_About this task:_
Leave out the pictures and output the data verbatim.

--- Supplied data ---

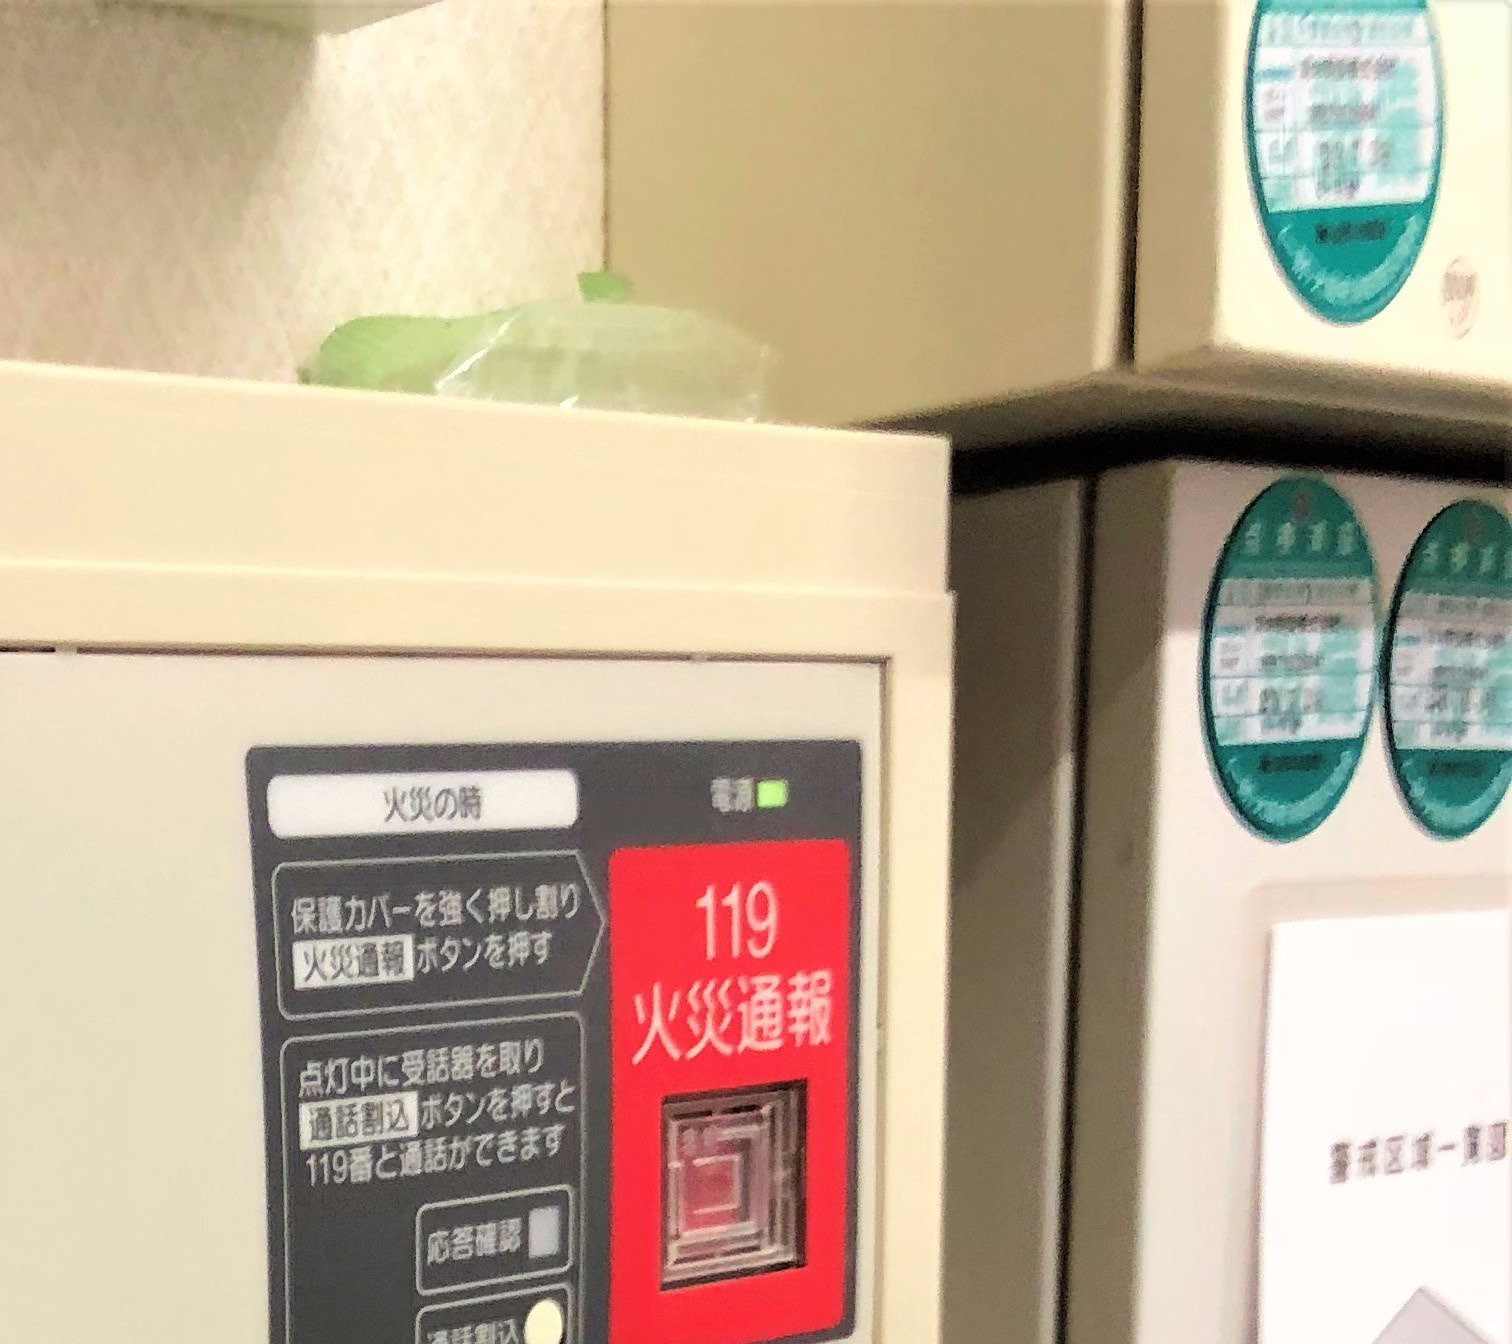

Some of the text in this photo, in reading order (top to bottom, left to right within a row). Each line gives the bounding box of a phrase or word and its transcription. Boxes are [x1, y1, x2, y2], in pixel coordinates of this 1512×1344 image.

[384, 786, 483, 824] 火災の時
[291, 882, 581, 935] 保護カバーを強く押し割り
[696, 881, 779, 961] 119
[632, 970, 834, 1066] 火災通報
[299, 1038, 546, 1097] 点灯中に受話器を取り
[306, 1124, 565, 1188] 119番と通話ができます
[426, 1217, 523, 1265] 応答確認

---

_Response area:_
Some of the text in this photo, in reading order (top to bottom, left to right within a row). Each line gives the bounding box of a phrase or word and its transcription. Boxes are [x1, y1, x2, y2], in pixel coordinates of this 1512×1344 image.

[384, 786, 483, 824] 火災の時
[291, 882, 581, 935] 保護カバーを強く押し割り
[696, 881, 779, 961] 119
[632, 970, 834, 1066] 火災通報
[299, 1038, 546, 1097] 点灯中に受話器を取り
[306, 1124, 565, 1188] 119番と通話ができます
[426, 1217, 523, 1265] 応答確認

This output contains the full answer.